If you want to maintain sparsity, you can get a bit fancier with:

import pandas as pd, numpy as np, anndata as ad
from scipy import sparse

def sum_by(adata: ad.AnnData, col: str) -> ad.AnnData:
    adata.strings_to_categoricals()
    assert pd.api.types.is_categorical_dtype(adata.obs[col])

    cat = adata.obs[col].values
    indicator = sparse.coo_matrix(
        (
            np.broadcast_to(True, adata.n_obs),
            (cat.codes, np.arange(adata.n_obs))
        ),
        shape=(len(cat.categories), adata.n_obs),
    )

    return ad.AnnData(
        indicator @ adata.X,
        var=adata.var,
        obs=pd.DataFrame(index=cat.categories)
    )

That said, Valentine’s approach is much more flexible and can be used to do more complex computations.

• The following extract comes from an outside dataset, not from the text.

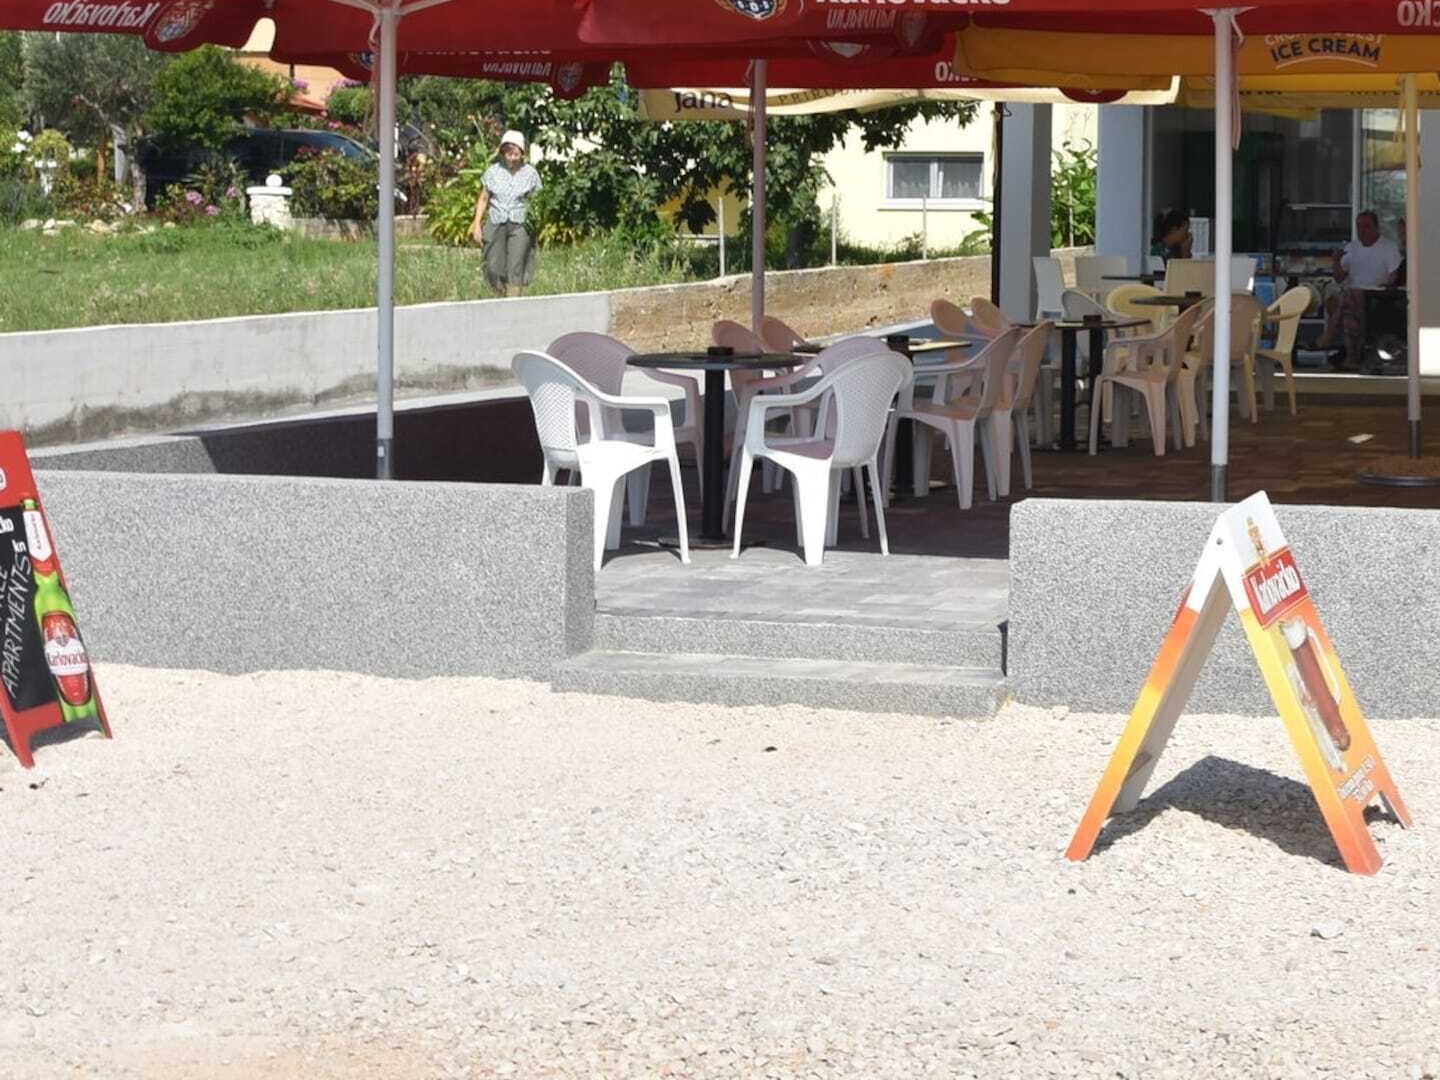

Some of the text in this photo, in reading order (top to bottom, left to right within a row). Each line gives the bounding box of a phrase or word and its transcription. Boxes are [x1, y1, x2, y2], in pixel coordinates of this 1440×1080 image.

Valentine_Svensson · March 27, 2022, 11:04pm

Yes, sorry, I put in your case but missed an instance of group_list. Everything should work if you do group_list = ['New_ID'].

/Valentine

mbahin · March 28, 2022, 9:42am

Hi to both of you,

Thanks for your quick and nice piece of code. I’ll be able to do what I need with that!

@Valentine_Svensson: that’s what I guessed, just mentionned it in case other people run into the post later.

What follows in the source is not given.